§ RAW DATA:

-- Opening Marker --

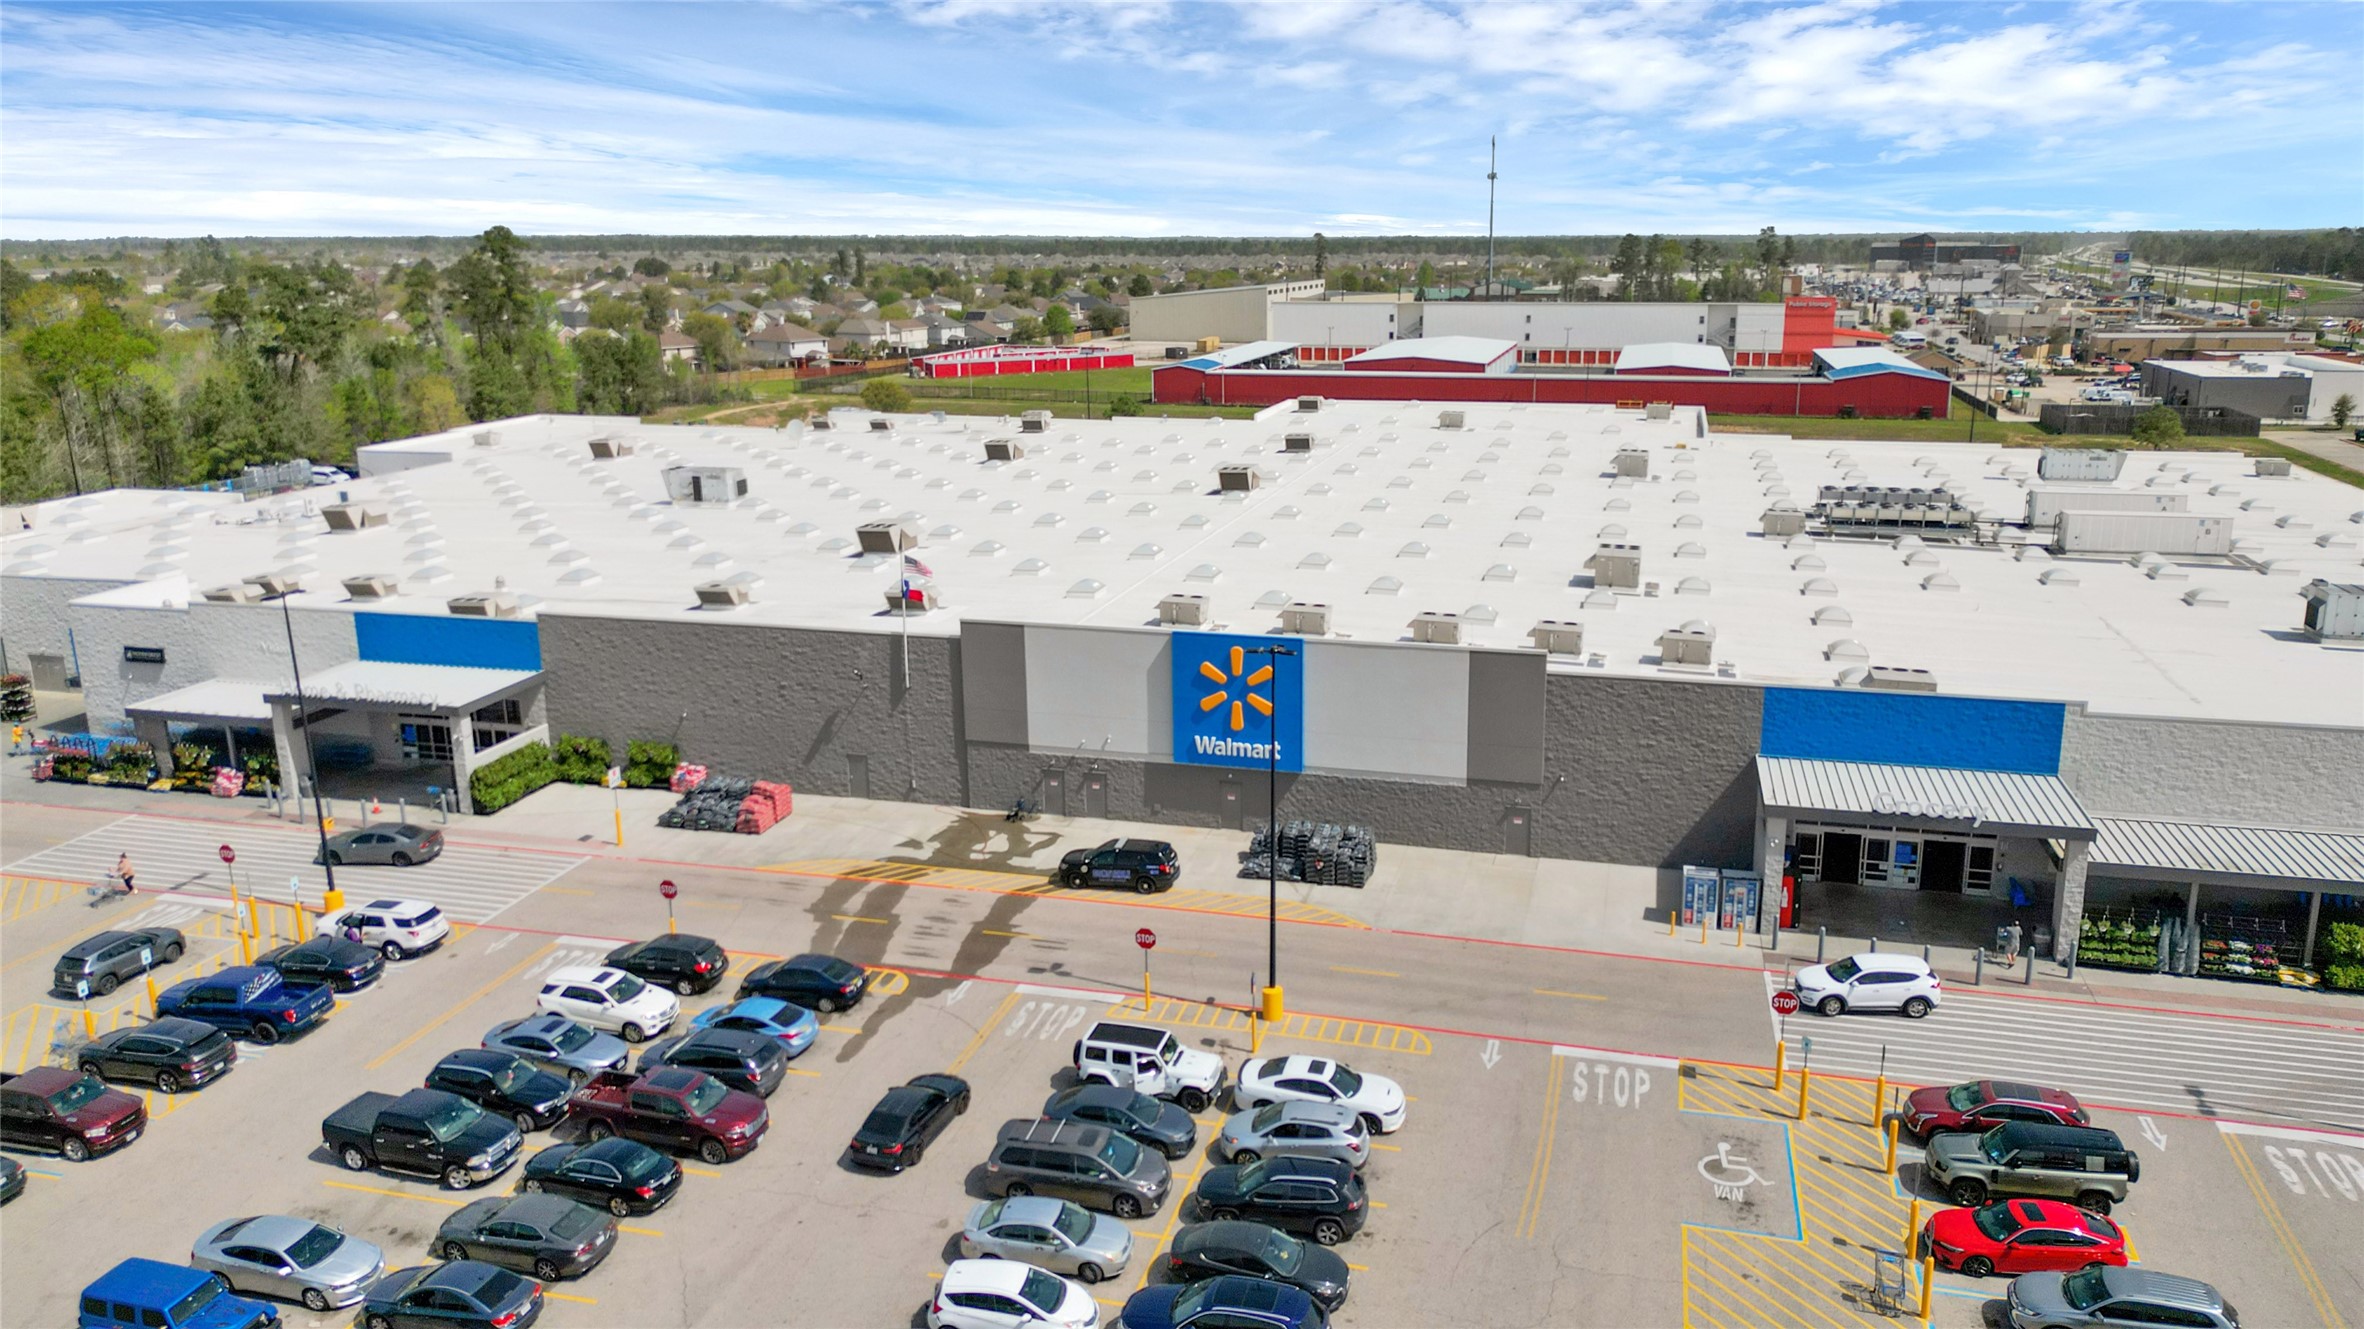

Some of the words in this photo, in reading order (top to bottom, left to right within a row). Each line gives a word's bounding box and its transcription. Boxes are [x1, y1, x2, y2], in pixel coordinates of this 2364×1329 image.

[335, 681, 348, 701] &
[353, 682, 438, 712] Pharmacy
[1194, 735, 1281, 760] Walmart
[1873, 792, 1989, 828] Grocery
[661, 885, 677, 894] STOP
[1136, 934, 1155, 943] STOP
[1773, 998, 1797, 1008] STOP
[1005, 1001, 1086, 1041] STOP
[1573, 1061, 1650, 1109] STOP
[1714, 1184, 1743, 1202] VAN

-- Closing Marker --

Word for word, write out the full listing, leaving the pictures aside.

Some of the words in this photo, in reading order (top to bottom, left to right within a row). Each line gives a word's bounding box and its transcription. Boxes are [x1, y1, x2, y2], in pixel coordinates of this 2364×1329 image.

[335, 681, 348, 701] &
[353, 682, 438, 712] Pharmacy
[1194, 735, 1281, 760] Walmart
[1873, 792, 1989, 828] Grocery
[661, 885, 677, 894] STOP
[1136, 934, 1155, 943] STOP
[1773, 998, 1797, 1008] STOP
[1005, 1001, 1086, 1041] STOP
[1573, 1061, 1650, 1109] STOP
[1714, 1184, 1743, 1202] VAN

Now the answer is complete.